JODI: Oh yeah I tried to have no tracks sound identical on this project. With some songs I was even concerned cause it’s not your standard project.
GSC: Some would say you took this risk.
JODI: Exactly I see what you did there. [Editors Note: Listen to “Risk” and you will too] I was trying to see how crazy I could go with it.
GSC: The intimacy on this project is effortless. I see it most on tracks like “Seasonal Depression”. How do relationships affect your music?
JODI: My relationships 100% fuel my music. I’ve gotten more accustomed to linking my music with the time I’m in and people I’m around. Different muses inspire different things in me. Sharon really told me and I aint shit. Especially with the name its cold. Relationships in the fall and spring are very different.
GSC: You also discussed your familial relations on that track.
JODI: Yeah I don’t really see them as much and I’m growing up so I need to be closer. My friends have also become my family.
GSC: What’s your favorite track on the project
JODI: “Luka Doncic” probably. My boy Chico goes to Bard upstate. He’s in and out of music being in school and shit. He’s a white boy and one of my oldest NY friends. Pulls up with a big jar of weed and we just cook up all night. I felt like I gave a lot on that verse and its my production as well.
GSC: You have a favorite feature?
JODI: Gotta be “Wedding Flow”. Me and Cam don’t miss. We cooked up some crazy shit last night. We are going to drop more and more continuously.
GSC: What do you see in Jodi’s future? Are you concerned about samples?

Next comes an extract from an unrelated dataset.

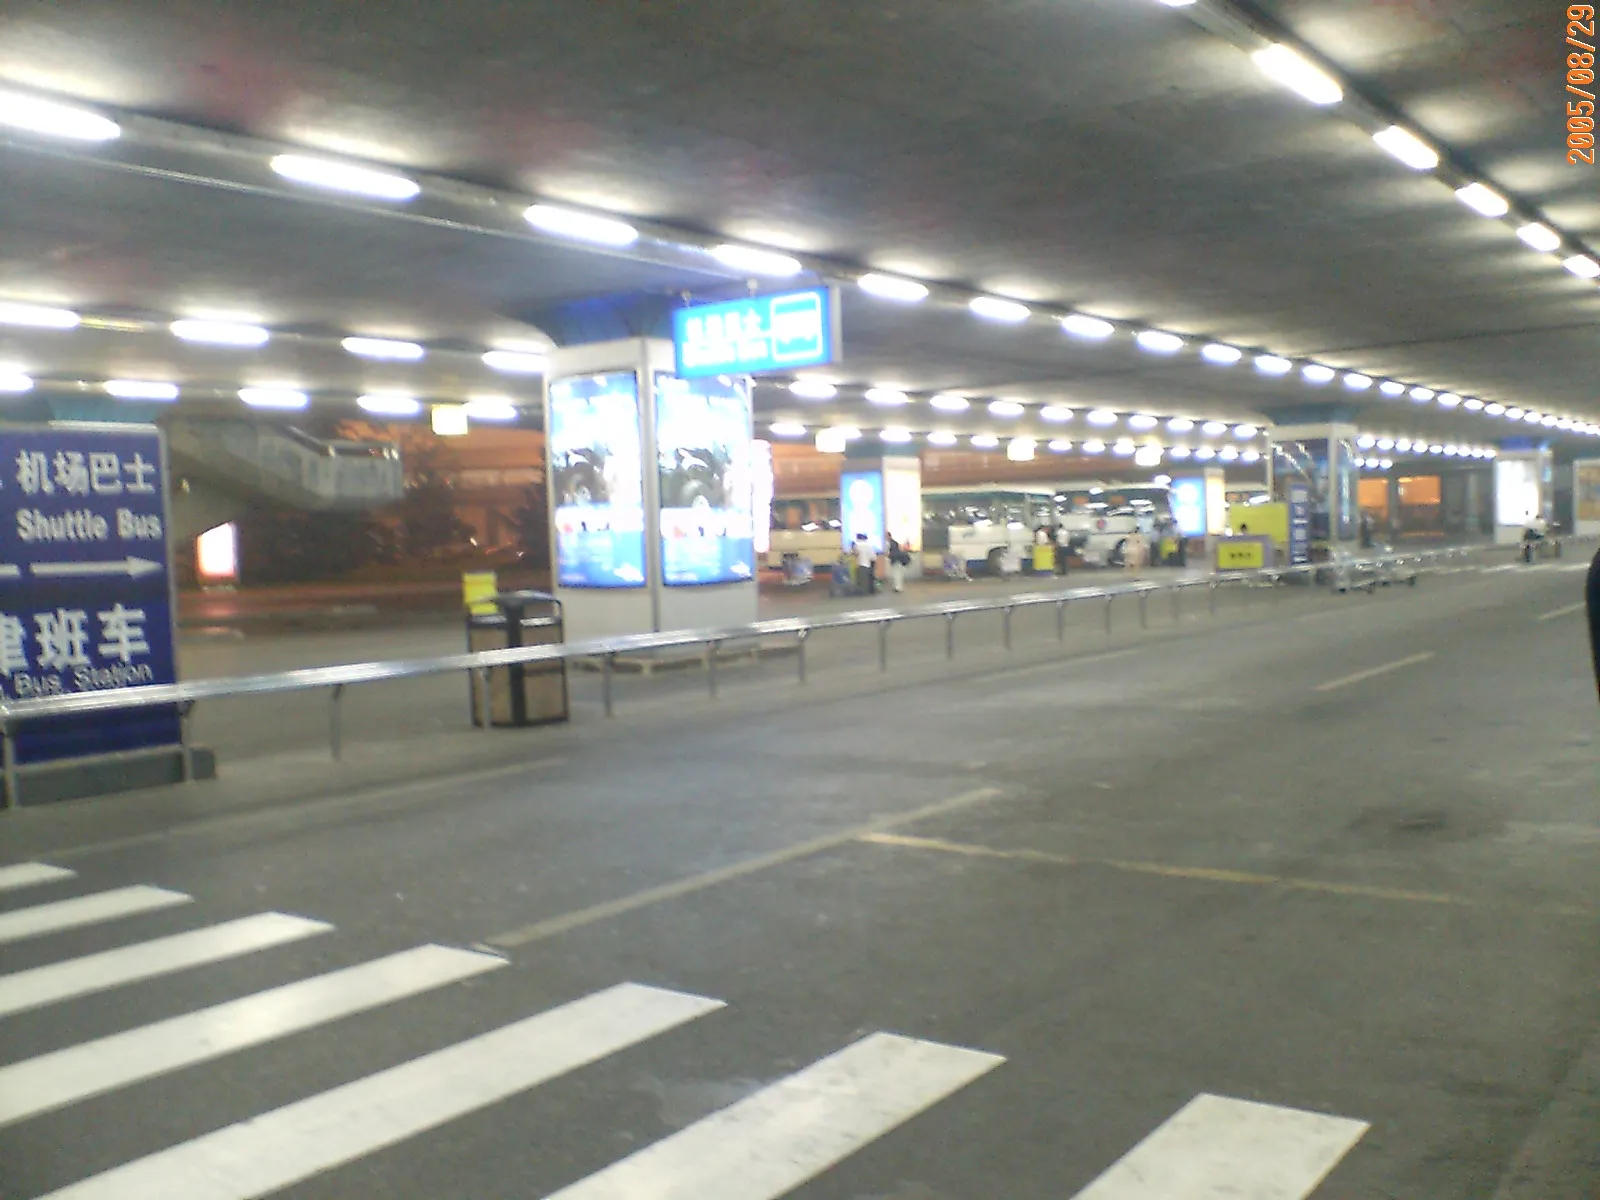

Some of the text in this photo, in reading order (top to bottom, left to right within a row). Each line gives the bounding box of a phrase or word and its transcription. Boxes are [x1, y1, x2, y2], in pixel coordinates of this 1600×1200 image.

JODI: Bro if niggas sue me it happens (Laughs). I’m not pressed. I just want people to listen. I want people to see the potential.

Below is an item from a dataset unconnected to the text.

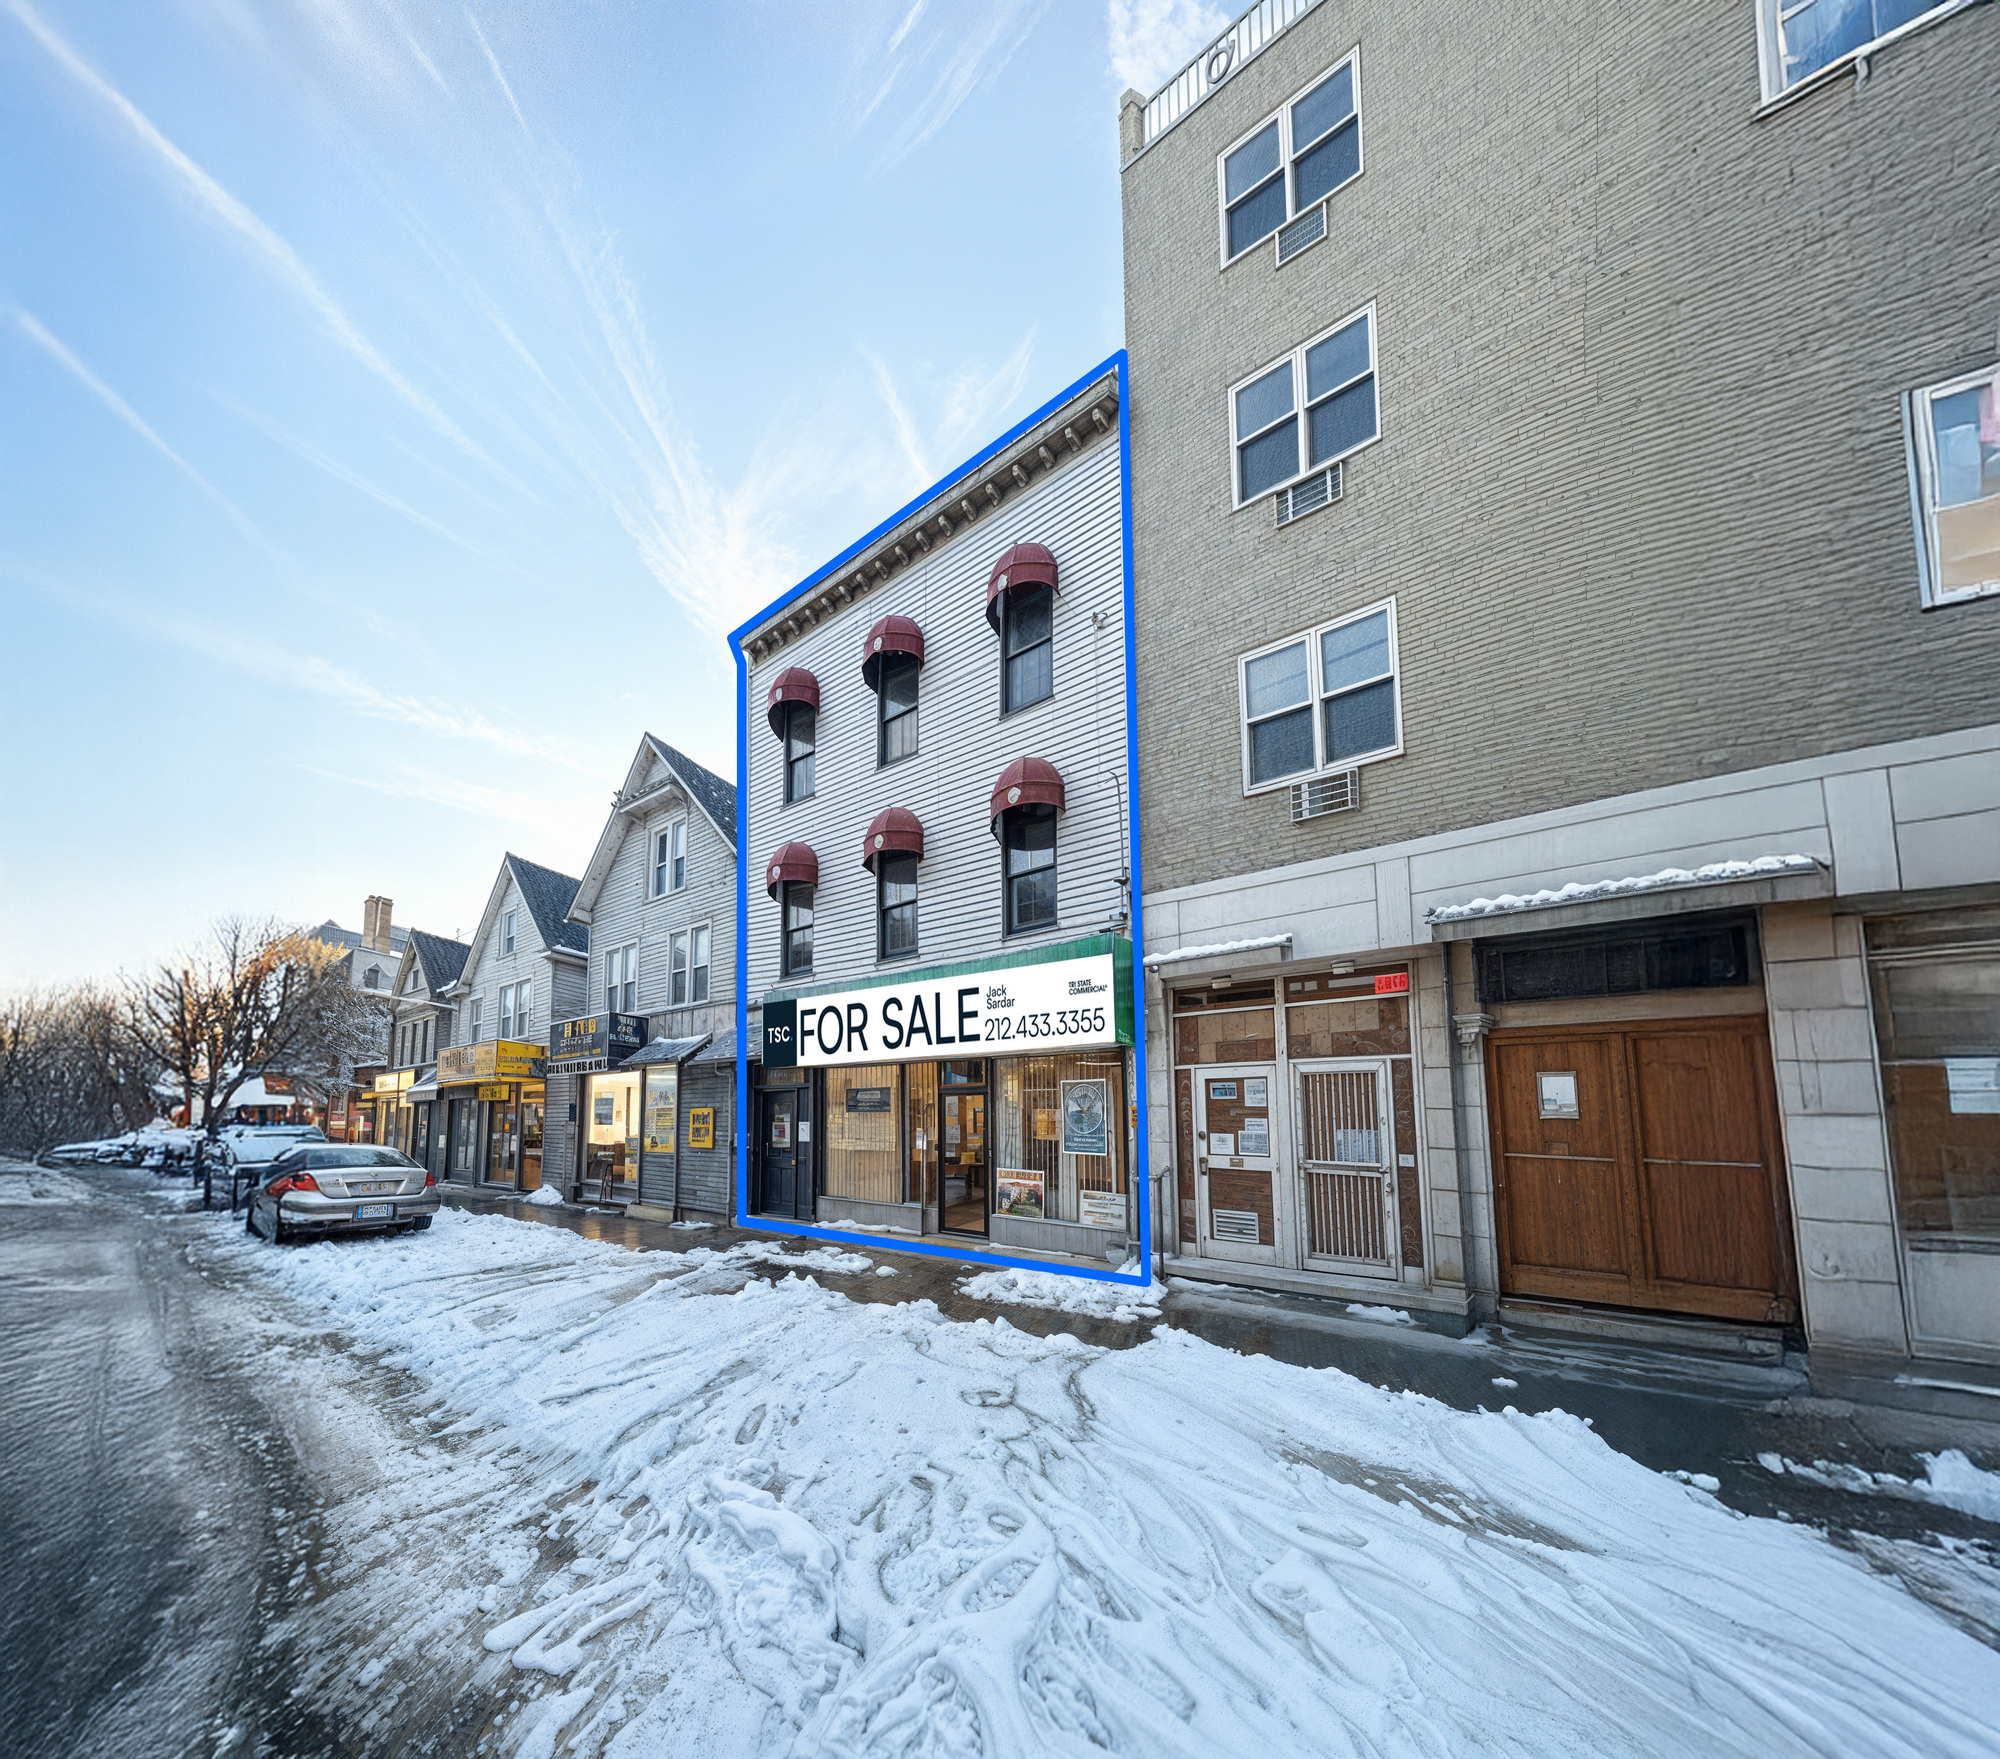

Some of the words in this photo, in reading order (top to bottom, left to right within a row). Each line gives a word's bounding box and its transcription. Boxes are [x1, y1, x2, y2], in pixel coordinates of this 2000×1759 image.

GSC: Any videos your tryna make for this?
JODI: Oh yeah we are working on videos. “Ken Griffey” video is out. Working on one for “
GSC: Who do you listen to?
JODI: Gunna, Roddy, Keem, [Dom] Toliver. Isaiah Rashad is my favorite rapper ever. Growing up I listened to a lot of Scarface, UGK, Outkast, Devin the Dude, Ice Cube. Recently Alex Wiley. Drake of course. I’ve been trying to listen to stuff less now though I focus on myself.
GSC: Who do you write for?
JODI: It’s not for me and it’s not for you. It’s an exchange of culture for everyone’s benefit.